Stephon Johnson | 4/12/2011, 4:44 p.m.

The teachers union knew what to expect when Mayor Michael Bloomberg unveiled his proposed budget for the 2011-2012 fiscal year--but that doesn't mean it hurt any less.

In one of the largest proposed teacher layoffs since the bad old days of the 1970s fiscal crisis, Bloomberg is prepared to layoff almost 5,000 teachers and to eliminate another 1,000-plus through attrition.

Along with the job cuts, Bloomberg is also proposing to use $1.86 billion in city funds to counter a loss in state aid due to Gov. Andrew Cuomo's budget. Bloomberg has blamed the state for forcing him to cut jobs and services.

"If there's a possibility the State Legislature restores cuts around the state, I want to get our name on the list," said Bloomberg, "Tell that to Michael Mulgrew, president of the United Federation of Teachers."

But Mulgrew took issue with Bloomberg's claim that the city's financial woes warrant such drastic action. "Given the city's growing revenues, along with the governor's clear statement that the state budget should not require local layoffs, the mayor's insistence on teacher layoffs becomes more and more bizarre," said Mulgrew. "We've already lost nearly 5,000 teachers to attrition in the last two years, and class sizes are skyrocketing across the city. It's time the mayor joined us in fighting for the children of our city by supporting the extension of the state millionaire's tax, rather than continuing to focus, as he and Chancellor Black did in Albany this week, on a bogus strategy to lay teachers off."

The Citizens' Committee for Children, a coalition of children's advocacy groups, released a joint statement speaking of their disappointment with Bloomberg's actions and calling him a liar.

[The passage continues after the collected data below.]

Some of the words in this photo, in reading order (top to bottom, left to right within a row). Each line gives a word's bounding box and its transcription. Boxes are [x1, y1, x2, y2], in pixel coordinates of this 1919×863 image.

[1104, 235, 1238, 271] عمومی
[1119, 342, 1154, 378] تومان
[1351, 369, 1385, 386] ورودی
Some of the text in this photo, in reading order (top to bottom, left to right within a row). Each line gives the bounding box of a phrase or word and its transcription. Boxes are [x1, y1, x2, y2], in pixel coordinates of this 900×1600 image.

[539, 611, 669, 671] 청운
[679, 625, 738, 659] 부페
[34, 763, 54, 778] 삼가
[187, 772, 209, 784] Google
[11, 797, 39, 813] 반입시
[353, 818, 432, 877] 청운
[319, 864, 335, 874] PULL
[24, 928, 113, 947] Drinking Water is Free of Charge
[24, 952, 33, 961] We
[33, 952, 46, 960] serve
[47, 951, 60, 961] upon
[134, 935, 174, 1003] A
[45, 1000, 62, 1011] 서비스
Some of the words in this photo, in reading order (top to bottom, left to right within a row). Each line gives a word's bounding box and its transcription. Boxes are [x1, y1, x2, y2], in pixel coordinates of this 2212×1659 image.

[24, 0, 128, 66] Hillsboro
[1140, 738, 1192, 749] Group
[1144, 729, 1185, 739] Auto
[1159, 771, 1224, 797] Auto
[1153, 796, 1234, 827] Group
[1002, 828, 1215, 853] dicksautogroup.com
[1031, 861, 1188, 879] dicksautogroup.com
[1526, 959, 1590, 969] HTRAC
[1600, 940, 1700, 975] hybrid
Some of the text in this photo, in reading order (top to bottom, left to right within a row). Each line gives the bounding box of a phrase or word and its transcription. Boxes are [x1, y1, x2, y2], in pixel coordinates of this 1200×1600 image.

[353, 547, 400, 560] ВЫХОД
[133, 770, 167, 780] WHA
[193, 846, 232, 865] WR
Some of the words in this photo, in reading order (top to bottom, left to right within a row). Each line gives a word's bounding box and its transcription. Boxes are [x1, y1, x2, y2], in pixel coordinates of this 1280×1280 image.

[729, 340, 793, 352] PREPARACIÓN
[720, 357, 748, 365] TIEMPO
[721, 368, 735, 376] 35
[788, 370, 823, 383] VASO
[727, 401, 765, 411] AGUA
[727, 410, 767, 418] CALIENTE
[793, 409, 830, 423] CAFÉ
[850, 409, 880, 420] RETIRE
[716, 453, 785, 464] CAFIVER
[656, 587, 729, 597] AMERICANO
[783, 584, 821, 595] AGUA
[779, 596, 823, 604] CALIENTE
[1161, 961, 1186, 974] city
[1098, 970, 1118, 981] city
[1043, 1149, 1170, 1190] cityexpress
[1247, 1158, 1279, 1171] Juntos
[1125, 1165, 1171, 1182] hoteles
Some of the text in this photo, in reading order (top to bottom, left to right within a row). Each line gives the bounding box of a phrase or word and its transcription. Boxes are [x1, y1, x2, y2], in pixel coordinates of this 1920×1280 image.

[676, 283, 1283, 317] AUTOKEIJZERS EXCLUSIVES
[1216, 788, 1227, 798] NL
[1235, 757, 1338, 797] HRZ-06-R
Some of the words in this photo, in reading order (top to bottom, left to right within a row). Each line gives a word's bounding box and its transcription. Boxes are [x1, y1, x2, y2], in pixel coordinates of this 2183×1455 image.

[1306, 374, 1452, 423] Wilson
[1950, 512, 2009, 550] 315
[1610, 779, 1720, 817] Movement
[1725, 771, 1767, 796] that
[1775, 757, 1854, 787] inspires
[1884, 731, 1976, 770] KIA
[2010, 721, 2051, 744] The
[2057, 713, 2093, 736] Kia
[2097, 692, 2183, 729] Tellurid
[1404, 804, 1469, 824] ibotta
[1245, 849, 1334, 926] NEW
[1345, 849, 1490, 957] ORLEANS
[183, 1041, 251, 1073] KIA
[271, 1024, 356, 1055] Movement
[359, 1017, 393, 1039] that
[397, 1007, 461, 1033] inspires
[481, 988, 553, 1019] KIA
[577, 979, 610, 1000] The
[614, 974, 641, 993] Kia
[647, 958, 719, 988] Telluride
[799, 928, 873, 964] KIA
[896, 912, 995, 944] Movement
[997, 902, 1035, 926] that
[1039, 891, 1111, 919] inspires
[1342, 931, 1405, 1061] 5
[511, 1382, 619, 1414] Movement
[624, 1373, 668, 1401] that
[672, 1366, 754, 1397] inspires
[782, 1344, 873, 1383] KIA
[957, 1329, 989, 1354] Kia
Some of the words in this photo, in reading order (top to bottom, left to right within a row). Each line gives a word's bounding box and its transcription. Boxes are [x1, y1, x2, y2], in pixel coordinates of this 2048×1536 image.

"Mayor Bloomberg's plans to cut subsidies for 16,624 children in the coming year is a devastating blow to the city's children and working families, the biggest single cut to child care services since the 1970's," the statement read. "It represents a dramatic reversal of the mayor's promise to expand early learning opportunities for the city's children and a retreat from his public statements in support of the city's working families.

"As leaders in early childhood education, we are profoundly disappointed in the mayor's proposal and deeply concerned about the setback it represents in ensuring that every child enters school ready to succeed and all parents who want to work can get to their jobs each day," the statement continued.

According to City Hall, Bloomberg got a welcome surprise in the form of $2 billion in unanticipated tax revenue. But the mayor wants to close the $4.58 billion deficit without raising any taxes, and relying heavily on hundreds of millions of dollars from New York State is part of his fiscal plan for 2011-2012. Bloomberg believes that without that state money there would be more layoffs and cuts to services for New Yorkers.

A high school math teacher, who wished to remain anonymous, told the AmNews that Bloomberg is revealing his true colors to those who educate for a living.

"I think it is shameful how the mayor thinks so little of the teachers and children of New York City," she said. "Governor Cuomo stated we did not need to lay off teachers so why is Bloomberg pursuing this action? My belief is he wants to have more control over who he can fire. After all, one experienced teacher costs the same as two novices, so why should New York City children have good teachers when they can have twice as many who don't know what they are doing?"